Anime, Daily Rant

Day 346: My Favorite Manga Writer

Mob Psycho 100 and One Punch Man are two of the most powerful, interesting and fun shows that I’ve ever seen. No, that’s not hyperbole, that’s a completely legitimate statement. Their charming art styles and exciting action make them a thrill to watch in each episode. However, what makes these series so great and powerful is the writing behind it. And the man behind it is easily my favorite writer behind the panels of a manga page.


One is a mangaka who knows how to tell a story without relying on it’s visuals and actions to engage the audience. His works are hilarious on the surface, and even more so when you discover the layers hidden beneath the surface of each joke. However, the real power of his writing is in the themes and the characters.

Had they been handled by anyone else, One Punch Man or Mob Psycho 100 could have just been typical Shounen action shlock with an overpowered protagonist. But One uses those characters and stories to subvert the expectations of the genre and make a far more powerful and interesting tale.

On the surface, One Punch Man seems like a typical action comedy. Saitama is extremely powerful, so much so that he can wipe out any enemy in a single punch. If handled by someone else, the punchline of each episode would be “The bombastic and super powerful villain goes down like a bitch unceremoniously.” But One does something incredibly powerful and genius.

Saitama’s strength isn’t the punchline of the series humor. The humor relies not on the simple fact that a strong character is putting cartoonish villains in the dirt. The comedy relies entirely on the characters themselves and how they react to Saitama’s monstrous, god-like abilities.

But Saitama’s power, when you actually think about it, isn’t hilarious. In fact, it’s really depressing, as it deprives the character of what he really wants. Saitama craves a challenge, a thrill that will get his heart racing. In his attempt to get it, he trains super hard and ends up becoming the strongest man in the world. But with that status, he has erased all hope of getting what he really wants.
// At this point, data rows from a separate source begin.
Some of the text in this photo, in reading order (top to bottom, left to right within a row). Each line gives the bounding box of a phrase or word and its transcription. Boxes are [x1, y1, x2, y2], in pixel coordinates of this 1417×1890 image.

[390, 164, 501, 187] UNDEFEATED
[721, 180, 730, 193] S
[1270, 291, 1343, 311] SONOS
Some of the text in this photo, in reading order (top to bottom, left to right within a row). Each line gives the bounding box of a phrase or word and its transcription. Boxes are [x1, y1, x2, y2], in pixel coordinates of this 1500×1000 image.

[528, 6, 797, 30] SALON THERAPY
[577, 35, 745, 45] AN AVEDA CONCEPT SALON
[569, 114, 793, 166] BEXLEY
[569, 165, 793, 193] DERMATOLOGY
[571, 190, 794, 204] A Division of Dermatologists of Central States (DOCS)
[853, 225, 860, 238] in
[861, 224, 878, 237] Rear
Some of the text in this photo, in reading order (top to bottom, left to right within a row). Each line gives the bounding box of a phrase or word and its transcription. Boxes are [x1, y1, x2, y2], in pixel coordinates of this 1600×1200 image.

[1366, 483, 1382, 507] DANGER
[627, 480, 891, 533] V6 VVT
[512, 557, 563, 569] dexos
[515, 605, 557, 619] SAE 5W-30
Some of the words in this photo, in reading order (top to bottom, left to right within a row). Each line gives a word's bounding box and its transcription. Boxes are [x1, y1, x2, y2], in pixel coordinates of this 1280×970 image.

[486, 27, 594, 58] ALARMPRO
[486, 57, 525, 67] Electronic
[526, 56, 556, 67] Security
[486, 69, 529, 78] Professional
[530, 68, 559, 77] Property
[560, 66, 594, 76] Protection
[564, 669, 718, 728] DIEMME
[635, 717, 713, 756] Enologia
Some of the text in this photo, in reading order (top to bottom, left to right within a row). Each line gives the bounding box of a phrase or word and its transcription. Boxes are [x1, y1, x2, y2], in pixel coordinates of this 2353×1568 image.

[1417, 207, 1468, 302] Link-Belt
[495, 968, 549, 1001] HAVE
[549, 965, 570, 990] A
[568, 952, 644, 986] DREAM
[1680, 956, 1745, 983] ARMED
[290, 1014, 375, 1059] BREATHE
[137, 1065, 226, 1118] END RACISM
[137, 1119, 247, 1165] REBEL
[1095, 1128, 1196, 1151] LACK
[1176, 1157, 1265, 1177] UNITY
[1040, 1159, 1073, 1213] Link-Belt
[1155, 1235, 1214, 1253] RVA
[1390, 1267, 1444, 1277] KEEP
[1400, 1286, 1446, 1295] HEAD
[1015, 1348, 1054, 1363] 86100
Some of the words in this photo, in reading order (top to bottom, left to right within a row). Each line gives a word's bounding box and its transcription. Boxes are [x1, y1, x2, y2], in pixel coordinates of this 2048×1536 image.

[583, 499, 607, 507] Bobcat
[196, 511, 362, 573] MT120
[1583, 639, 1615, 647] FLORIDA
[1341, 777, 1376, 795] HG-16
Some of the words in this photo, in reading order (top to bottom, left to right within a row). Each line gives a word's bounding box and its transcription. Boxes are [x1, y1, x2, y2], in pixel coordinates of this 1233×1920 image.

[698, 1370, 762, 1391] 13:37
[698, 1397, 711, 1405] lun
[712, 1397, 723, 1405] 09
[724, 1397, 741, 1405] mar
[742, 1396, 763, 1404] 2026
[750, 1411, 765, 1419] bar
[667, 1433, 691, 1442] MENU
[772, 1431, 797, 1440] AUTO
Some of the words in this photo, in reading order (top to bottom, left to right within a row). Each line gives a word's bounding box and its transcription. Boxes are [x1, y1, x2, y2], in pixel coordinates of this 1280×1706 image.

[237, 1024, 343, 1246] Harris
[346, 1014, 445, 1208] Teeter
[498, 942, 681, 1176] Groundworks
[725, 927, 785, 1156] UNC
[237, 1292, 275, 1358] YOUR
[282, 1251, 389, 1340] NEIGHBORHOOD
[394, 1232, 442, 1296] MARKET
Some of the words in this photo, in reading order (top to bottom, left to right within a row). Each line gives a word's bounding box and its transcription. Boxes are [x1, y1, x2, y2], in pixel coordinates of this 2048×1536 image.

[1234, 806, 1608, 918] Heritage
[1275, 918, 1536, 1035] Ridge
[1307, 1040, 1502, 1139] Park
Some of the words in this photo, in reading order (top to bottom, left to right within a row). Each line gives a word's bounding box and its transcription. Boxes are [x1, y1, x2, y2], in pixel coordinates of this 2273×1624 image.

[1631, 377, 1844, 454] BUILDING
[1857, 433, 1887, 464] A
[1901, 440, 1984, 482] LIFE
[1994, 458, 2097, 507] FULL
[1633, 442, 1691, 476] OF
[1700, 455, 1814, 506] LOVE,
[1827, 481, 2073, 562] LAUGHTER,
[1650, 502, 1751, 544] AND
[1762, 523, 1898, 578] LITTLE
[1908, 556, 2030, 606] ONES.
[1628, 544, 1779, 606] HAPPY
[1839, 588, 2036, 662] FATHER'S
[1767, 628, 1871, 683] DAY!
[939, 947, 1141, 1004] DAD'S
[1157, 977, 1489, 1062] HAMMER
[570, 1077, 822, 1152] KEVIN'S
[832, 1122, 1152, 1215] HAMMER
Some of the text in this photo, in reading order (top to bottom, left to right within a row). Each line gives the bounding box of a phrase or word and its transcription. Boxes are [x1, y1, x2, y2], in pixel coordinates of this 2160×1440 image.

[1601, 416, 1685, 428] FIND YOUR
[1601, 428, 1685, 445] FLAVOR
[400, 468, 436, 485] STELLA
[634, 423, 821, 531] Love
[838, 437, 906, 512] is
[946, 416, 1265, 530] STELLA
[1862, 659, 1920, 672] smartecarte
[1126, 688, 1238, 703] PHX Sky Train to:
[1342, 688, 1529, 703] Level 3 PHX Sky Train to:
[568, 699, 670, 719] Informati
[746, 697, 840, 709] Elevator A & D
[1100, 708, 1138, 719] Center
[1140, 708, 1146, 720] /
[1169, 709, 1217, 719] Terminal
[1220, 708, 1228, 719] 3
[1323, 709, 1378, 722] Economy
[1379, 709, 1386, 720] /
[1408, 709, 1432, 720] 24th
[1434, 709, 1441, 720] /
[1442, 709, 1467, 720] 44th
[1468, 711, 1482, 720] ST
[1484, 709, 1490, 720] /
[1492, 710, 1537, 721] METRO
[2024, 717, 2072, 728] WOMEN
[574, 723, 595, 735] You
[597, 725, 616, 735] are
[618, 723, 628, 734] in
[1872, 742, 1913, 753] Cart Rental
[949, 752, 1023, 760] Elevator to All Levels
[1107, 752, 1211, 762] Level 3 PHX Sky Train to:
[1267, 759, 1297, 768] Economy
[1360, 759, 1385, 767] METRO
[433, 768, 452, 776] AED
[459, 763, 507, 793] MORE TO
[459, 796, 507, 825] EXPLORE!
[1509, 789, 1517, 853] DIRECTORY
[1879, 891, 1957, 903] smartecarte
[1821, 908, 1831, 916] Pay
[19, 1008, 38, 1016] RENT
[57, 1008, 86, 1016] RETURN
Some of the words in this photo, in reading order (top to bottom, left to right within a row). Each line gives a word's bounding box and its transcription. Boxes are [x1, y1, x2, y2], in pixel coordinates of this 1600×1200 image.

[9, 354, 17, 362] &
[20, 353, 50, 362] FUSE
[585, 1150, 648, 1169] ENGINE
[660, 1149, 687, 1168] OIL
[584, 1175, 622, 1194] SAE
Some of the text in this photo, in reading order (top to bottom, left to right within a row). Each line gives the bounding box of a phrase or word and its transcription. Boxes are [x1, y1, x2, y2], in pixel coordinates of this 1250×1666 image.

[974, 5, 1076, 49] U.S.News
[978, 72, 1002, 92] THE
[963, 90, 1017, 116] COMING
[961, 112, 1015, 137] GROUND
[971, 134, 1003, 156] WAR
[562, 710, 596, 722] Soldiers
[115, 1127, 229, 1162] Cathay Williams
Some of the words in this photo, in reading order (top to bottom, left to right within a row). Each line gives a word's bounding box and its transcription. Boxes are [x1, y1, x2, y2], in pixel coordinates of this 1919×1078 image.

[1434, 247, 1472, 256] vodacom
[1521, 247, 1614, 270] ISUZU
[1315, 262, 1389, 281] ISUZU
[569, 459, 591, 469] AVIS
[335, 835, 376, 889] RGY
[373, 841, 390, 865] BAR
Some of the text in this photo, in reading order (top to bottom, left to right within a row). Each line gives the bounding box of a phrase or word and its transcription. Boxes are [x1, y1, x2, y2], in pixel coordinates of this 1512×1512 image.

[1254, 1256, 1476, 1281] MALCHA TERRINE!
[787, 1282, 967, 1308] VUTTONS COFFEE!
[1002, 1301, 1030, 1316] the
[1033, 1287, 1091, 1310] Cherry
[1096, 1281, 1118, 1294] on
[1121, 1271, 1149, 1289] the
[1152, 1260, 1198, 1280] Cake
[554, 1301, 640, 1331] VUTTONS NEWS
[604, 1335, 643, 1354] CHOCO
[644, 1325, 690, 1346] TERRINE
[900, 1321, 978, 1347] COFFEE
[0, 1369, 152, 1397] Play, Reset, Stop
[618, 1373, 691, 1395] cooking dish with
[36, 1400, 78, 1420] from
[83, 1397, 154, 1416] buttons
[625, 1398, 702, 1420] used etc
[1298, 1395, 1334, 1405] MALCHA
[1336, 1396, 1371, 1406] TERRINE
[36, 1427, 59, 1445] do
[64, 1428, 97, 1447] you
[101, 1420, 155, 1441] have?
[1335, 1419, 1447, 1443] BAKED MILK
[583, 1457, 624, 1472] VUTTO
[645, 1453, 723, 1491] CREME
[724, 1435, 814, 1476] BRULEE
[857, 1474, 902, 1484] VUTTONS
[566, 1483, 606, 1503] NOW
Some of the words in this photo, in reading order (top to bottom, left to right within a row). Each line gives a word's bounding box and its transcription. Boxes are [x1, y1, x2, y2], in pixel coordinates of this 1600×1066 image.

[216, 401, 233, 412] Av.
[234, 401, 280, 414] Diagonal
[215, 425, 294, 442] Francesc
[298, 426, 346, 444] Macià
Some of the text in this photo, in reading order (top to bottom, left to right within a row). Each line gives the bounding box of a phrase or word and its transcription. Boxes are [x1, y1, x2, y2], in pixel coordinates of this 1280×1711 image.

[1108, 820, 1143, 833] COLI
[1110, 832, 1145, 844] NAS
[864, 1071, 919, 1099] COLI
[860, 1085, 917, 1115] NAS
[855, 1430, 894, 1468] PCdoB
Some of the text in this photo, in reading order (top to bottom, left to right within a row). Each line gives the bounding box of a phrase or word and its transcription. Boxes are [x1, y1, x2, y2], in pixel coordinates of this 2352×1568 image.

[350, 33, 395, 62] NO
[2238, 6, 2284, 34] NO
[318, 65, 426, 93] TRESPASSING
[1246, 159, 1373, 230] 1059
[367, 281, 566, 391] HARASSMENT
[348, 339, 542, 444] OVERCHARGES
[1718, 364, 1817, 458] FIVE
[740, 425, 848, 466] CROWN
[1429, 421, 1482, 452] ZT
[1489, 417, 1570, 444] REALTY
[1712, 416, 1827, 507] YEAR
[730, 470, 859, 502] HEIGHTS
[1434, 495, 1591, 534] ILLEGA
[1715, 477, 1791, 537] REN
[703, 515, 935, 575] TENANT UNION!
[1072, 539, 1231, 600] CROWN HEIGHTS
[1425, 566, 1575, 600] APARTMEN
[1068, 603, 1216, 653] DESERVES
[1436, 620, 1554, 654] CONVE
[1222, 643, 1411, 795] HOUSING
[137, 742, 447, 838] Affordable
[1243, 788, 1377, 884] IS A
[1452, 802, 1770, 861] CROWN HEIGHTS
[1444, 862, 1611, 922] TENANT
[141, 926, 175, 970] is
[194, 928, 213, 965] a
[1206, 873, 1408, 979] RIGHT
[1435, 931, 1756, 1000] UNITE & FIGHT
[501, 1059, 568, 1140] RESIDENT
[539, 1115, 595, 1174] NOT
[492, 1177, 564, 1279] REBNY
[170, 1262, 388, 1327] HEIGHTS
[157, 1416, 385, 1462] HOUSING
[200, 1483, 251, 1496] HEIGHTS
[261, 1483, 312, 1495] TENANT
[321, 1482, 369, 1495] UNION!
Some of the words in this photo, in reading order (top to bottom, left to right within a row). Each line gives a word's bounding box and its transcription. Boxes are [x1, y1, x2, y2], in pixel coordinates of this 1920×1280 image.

As a character, Saitama suffers from a great depression because of his status as ‘Unkillable Protagonist’. He became a hero for fun, and now he can’t even have fun doing it. By doing this, One doesn’t just create a unique and incredibly interesting character. He subverts the power fantasy of a Shounen action series and grounds it in reality.

So how does Saitama find happiness? Does he find an opponent powerful enough to handle his full strength, like in any other Shounen? No. The plot of One Punch Man isn’t Saitama’s quest to find happiness by finding a powerful opponent. Rather, it’s the tale of a man finding joy in the company of the people around him, and how his job as a hero helps him achieve this.

In an odd way, Saitama’s attempt to become a hero so he can be happy did work. Just not in the way he expected. One Punch Man is a series about finding joy in the simple things in life, like sharing ramen with a friend.

Mob Psycho 100 deals with similar themes with a similar protagonist, but it’s more than different enough to stand out and have it’s own impact. Mob struggles not with his lack of emotion, but his over abundance of them. He fears flying out of control, so he emotionally surpresses himself. This leaves him socially awkward at the beginning of the series, and his arc is focused on him opening up and learning how to be the best person he can be.

I have never related so deeply with a main character in a Shounen action series. As a kid, I had an incredibly hard time controlling my emotions and reading the room. Watching Mob develop and break through his troubles is both cathartic and inspiring to me.

In another series, Mob’s quest would be “Further master his already insane psychic powers to become the strongest in the world!” But Mob isn’t a typical Shoune protagonist in this way. He doesn’t want to be a better psychic, because he is already the best there is. Instead, he endeavors to improve himself and be the best person he can be.

Sure, both Mob and Saitama both have to deal with powerful enemies from time to time. But their stories aren’t about the two of them becoming stronger to protect their friends and world, or for the shallow reason of simply enjoying battle with strong foes. Their stories are about people trying to be happy, or trying to be the best they can possibly be.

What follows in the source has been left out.